Three main factors should determine your choice of a boiler. They are the fuel, the technology, and your existing plumbing.
Consider the last of these first. If you already have plumbing to a hot water storage tank in your loft, conventional boilers often make better sense. However, if you are starting from scratch, a combi is usually the cheapest to install, provided that it has sufficient heating power and water throughput for your home. Extensive re-plumbing and additional tanks can easily double the total cost of a boiler replacement, but if you already have a functional system, why waste it?
Fuel isn’t cheap, so your second consideration should be fuel economy. The options include electricity, mains gas, LPG bottled gas, oil (paraffin) and biomass. If you live off-the-grid, the last three are worth considering but for most urban home-owners electricity is the main alternative to gas boiler systems.
It is impossible to say whether gas or electricity will lead to the lowest long-term fuel bills. Both electricity and gas suppliers have a tendency to claim that they are the cheapest, but the relative price fluctuates and the cheapest today may not continue to be so in future years. Generally speaking, we would say that gas and gas boilers have been slightly cheaper in recent years, but against that is the fact that gas appliances require more maintenance. Whichever you choose, you are likely to save a lot more money by swapping your supplier than by swapping your fuel.
For off-grid properties, wood pellets are a cheaper fuel than oil or bottled gas, but always check the availability of fuel deliveries in your area, and the availability of qualified service engineers for that type of boiler.
Different types of boilers
Although you sometimes see boilers described as “condensing” boilers, you no longer need to worry about this term because EU legislation has obliged all manufacturers to switch to them. They are slightly more energy efficient than non-condensing boilers (in theory). However, if you already have an older non-condensing boiler, that is not a sufficient reason to scrap it. Many older boilers were better built and with a regular service could outlast a cheap modern replacement.

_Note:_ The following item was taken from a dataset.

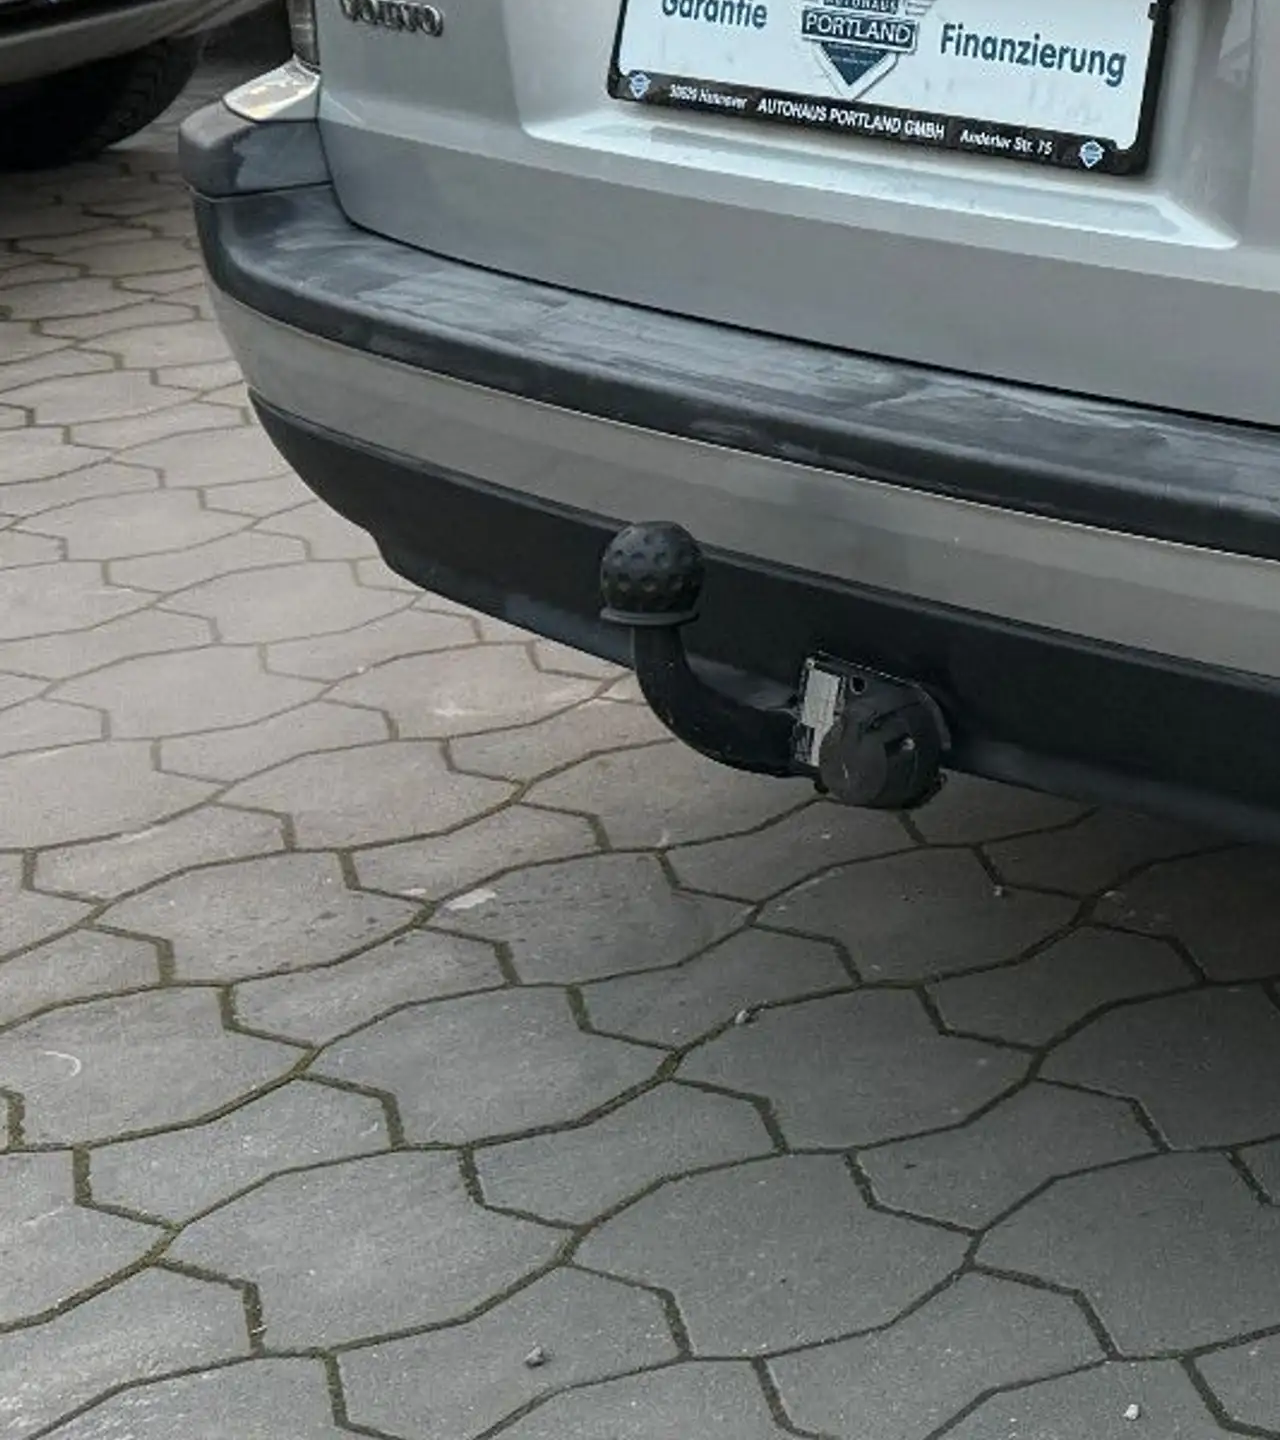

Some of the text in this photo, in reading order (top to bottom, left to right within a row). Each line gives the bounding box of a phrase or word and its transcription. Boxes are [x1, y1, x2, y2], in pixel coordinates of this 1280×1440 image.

How does a combi boiler work?
Combination boilers provide hot water for your taps and your central heating. They have some advantages but also some disadvantages. The disadvantages include a limited water throughput rate and the need for an external wall (because most are gas and require a flue). Many underpowered combis are fitted by landlords and homeowners trying to save a few pounds, but large baths and power showers can be rendered unusable when you replace a conventional boiler with a combi. In many cases, they fail to deliver an adequate supply in a building that has multiple taps and bathrooms. Additional pumps and hot water storage tanks can rectify most problems but that adds significantly to the cost.
The advantages of combi boilers are also numerous. Hot water is always available on demand – you don’t have to wait for it to heat up. Because combi boilers don’t require additional water storage tanks, plumbing them in is often less expensive. Lastly, because the water is only heated immediately before it is used, there is less energy wastage, so your bills may be lower.
Combis have been the most popular boiler choice in recent years but they are most suitable for smaller homes. Make sure you choose one with sufficient power.
Unlike the all-in-one combi, a conventional boiler system consists of a boiler, hot water cylinder, cold water storage cistern, expansion tank, plus a choice of control thermostats and timers. The cold-water storage and expansion tanks are usually located in your loft and the cylinder in a convenient cupboard (for example an airing cupboard).
The key advantage of this setup is that you have a good pre-heated supply of water when you need it, so you can fill a bath quickly and maintain a steady temperature (up to a certain volume determined by the cylinder size). If you have a gas-driven boiler you can add an additional electric immersion heater – giving you an alternative heating option.
Generally speaking, their greater capacity makes them a better solution for larger homes or buildings with multiple bathrooms. Unlike combis, when several taps are open at the same time, your water pressure and flow rates don’t decrease. They are also easy to link up with solar thermal panels.
Good insulation is important to get the best value from money, but the main reasons people replace them are to get higher water pressure or to get hot water on demand without having to preheat it. The several tanks used in these systems also take up a lot of space, so they are often removed during loft conversions.
A system boiler incorporates the feed water tank and expansion vessel into the boiler unit, otherwise they work much like a conventional boiler system, pre-filling the tank with hot water ready for use. Because they are virtually all-in-one, it is easier to install a system boiler than a complete conventional boiler system (assuming you don’t already have one of course). The lack of external tanks saves space and pipework (although not as much as a combi).
A key advantage of a system boiler is that the pre-heated water is connected directly to the mains and is delivered to your outlets at mains pressure. By contrast, conventional boilers rely on gravity to deliver the hot water to your taps from the loft tank, and the pressure can be quite low – especially on the upper floors.
If the internal tank in a system boiler is too small for your household’s needs, they can be linked up with additional storage tanks, but obviously this adds a cost and occupies some additional space.
All boiler types in the UK are available from leading boiler brands like Worcester-Bosch, Vaillant, Baxi, Glo-Worm, Potterton, Alpha and Intergas.